Researchers have been trying to find methods to reverse the potentially life-threatening peanut allergy, which has risen more than 300% in the U.S. alone, from 0.4% in 1997 to 1.4% in 2010. British scientists discovered a promising lead last year. Infants that had a high probability of developing the deadly allergy—those who already had eczema or egg allergies—and were given peanuts between the ages of four and 11 months, were less likely to develop the allergy by five years old reported in Quartz.
But the study was controversial in the scientific community because it opposed established dogma that parents shouldn’t feed allergy-triggering foods to their children until they matured, but a sect of researchers still wanted to know if the results could be reproduced and further developed. And earlier this week, it was.

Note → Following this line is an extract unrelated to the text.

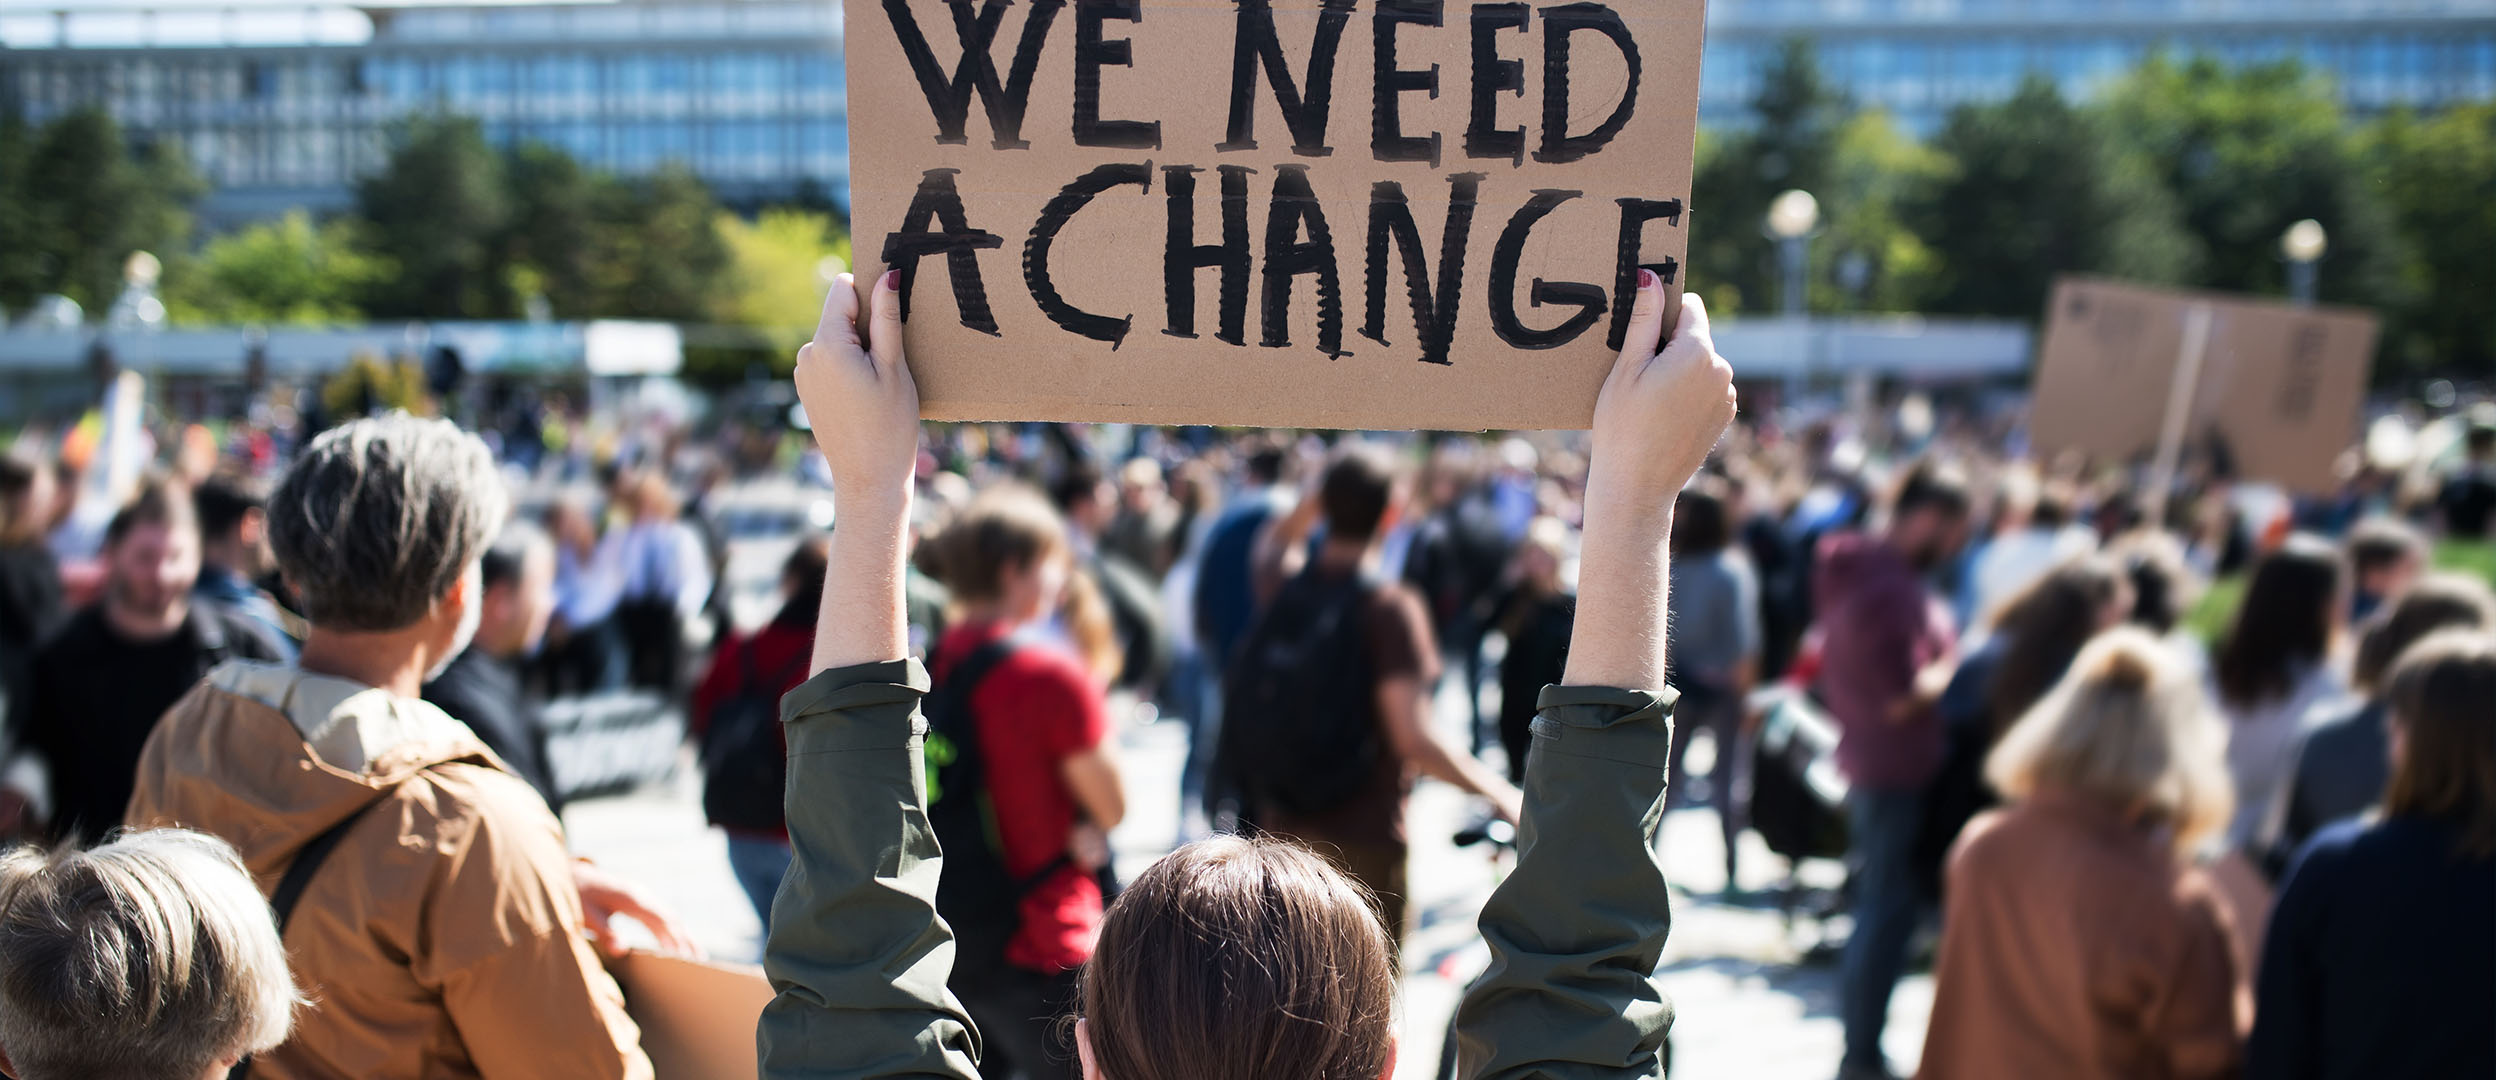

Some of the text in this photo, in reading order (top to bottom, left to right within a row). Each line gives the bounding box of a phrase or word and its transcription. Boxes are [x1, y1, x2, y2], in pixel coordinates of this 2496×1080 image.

[883, 0, 1642, 168] WE NEED
[882, 160, 1682, 366] A CHANGE

Originally published in the New England Journal of Medicine, scientists analyzed those same high-risk children and discerned that the earlier evidence was consistent. As a result, the focus group was still at lower risk for contracting allergies at six years old, one-plus year after the initial study. Lead researcher and author, Gideon Lack of the pediatric allergy department at King’s College London told CBS News in a statement that the“early consumption of peanuts gives you long-lasting protection against peanut allergy.”
Lack encourages that the fear of allergies manifests itself in real life. In other words, excluding peanuts from children’s diets might prevent them from producing an immune tolerance. Although the research is not conclusive, the link may lead to more comprehensive evidence.